Been using it for a while for forza 4 and horizon. 
As above I got 4 million the other day.


----------



## Johnny_B (Feb 3, 2013)

Im only new to forza rewards as i got forza 5 .. pretty decent like! got 3 million the day i fired up forza 5


----------



## ITSonlyREECE (Jun 10, 2012)

I finally had a go of F5 earlier and I must say it was the nuts! I'm slightly disappointed with the decrease with the amount of cars and no Nordschleife but I was aware of this since the release.

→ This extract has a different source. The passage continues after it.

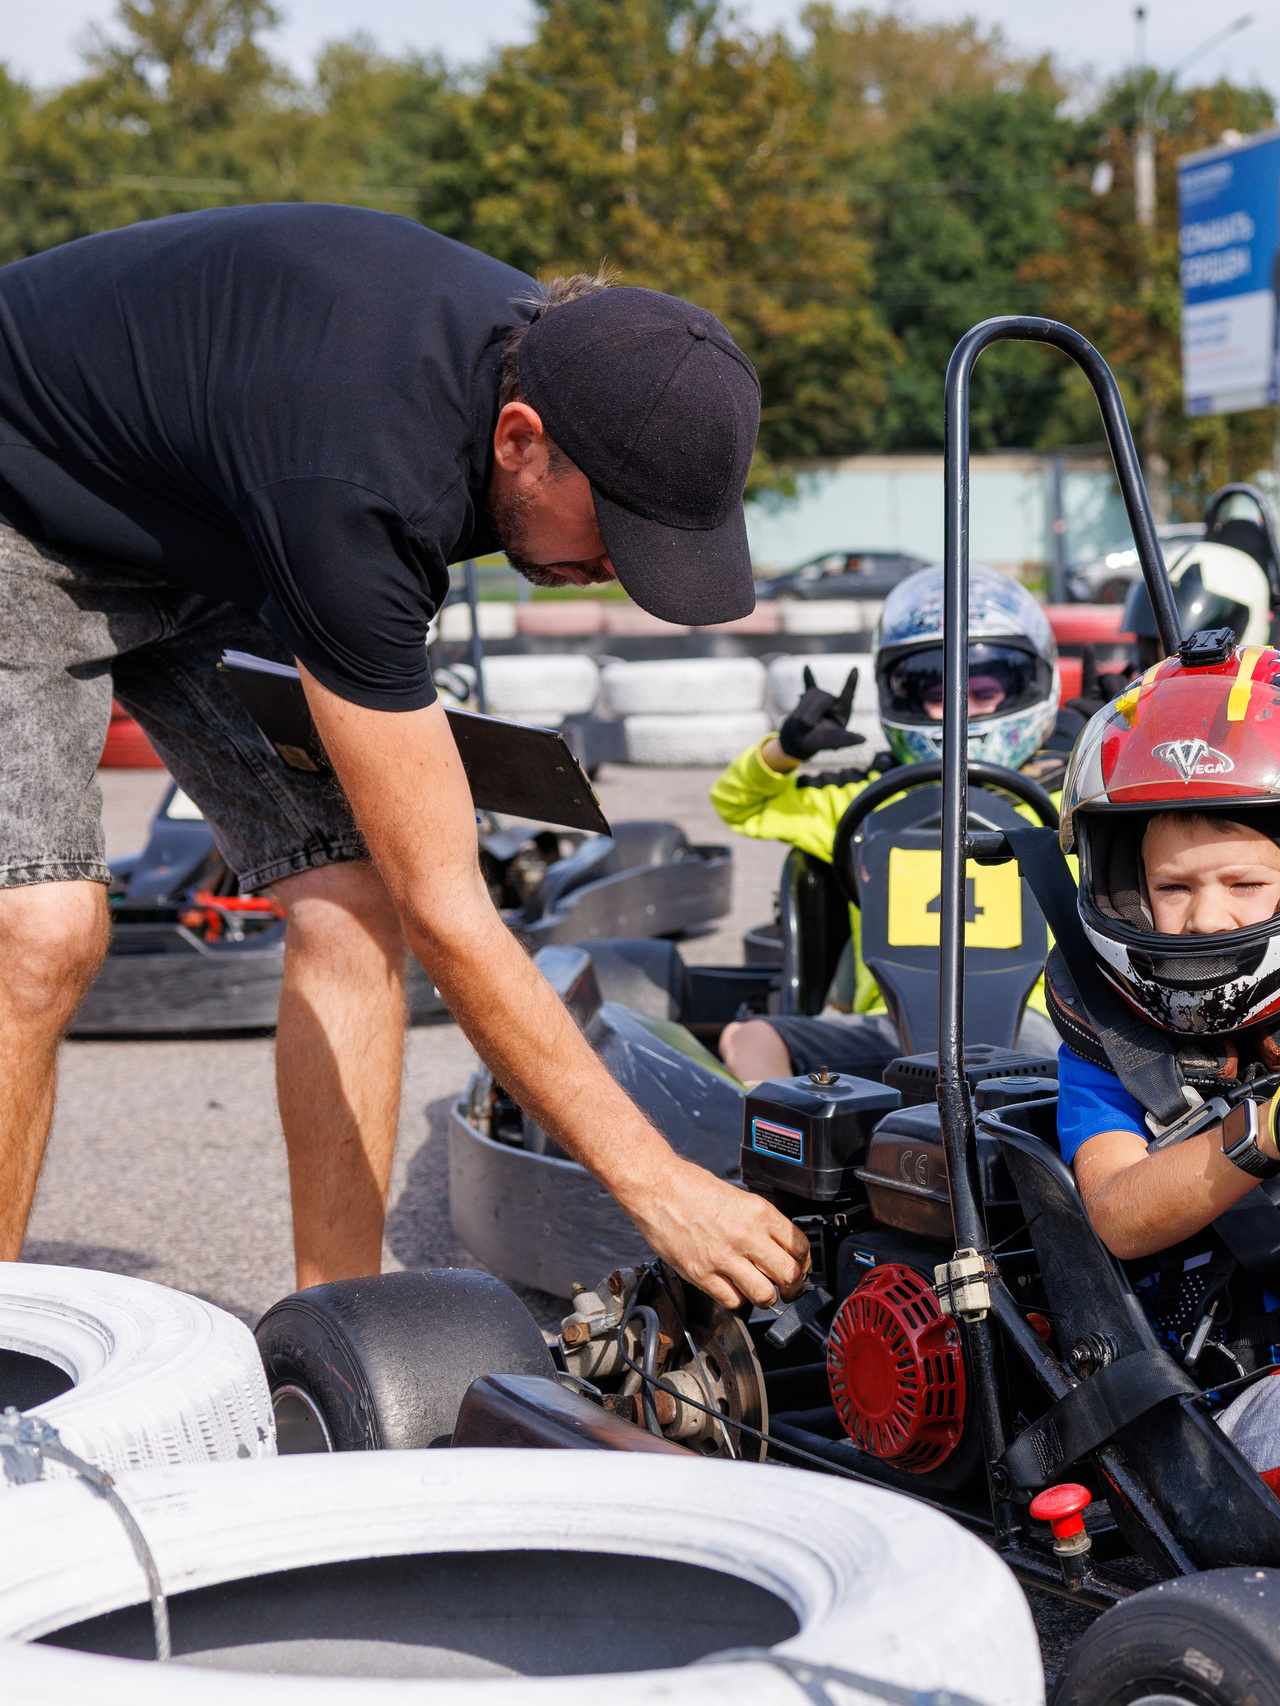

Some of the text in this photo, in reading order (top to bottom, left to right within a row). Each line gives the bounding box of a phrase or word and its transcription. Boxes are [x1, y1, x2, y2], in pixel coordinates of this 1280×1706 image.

[1186, 764, 1225, 775] VEGA
[926, 877, 984, 923] 4
[900, 1151, 928, 1185] CE

It's so tempting to buy an Xbox One and F5, but while I'm saving to get an Evo in the new year I cannot justify spending almost £500 just yet


----------



## Johnny_B (Feb 3, 2013)

ITSonlyREECE said:


> I finally had a go of F5 earlier and I must say it was the nuts! I'm slightly disappointed with the decrease with the amount of cars and no Nordschleife but I was aware of this since the release.
> 
> It's so tempting to buy an Xbox One and F5, but while I'm saving to get an Evo in the new year I cannot justify spending almost £500 just yet


its well worth the 500 tho


----------



## ITSonlyREECE (Jun 10, 2012)

Johnny_B said:


> its well worth the 500 tho


Ha! Oh I know it will be, but I'm trying to talk myself out of getting one. I'm a sucker for impulse buying though


----------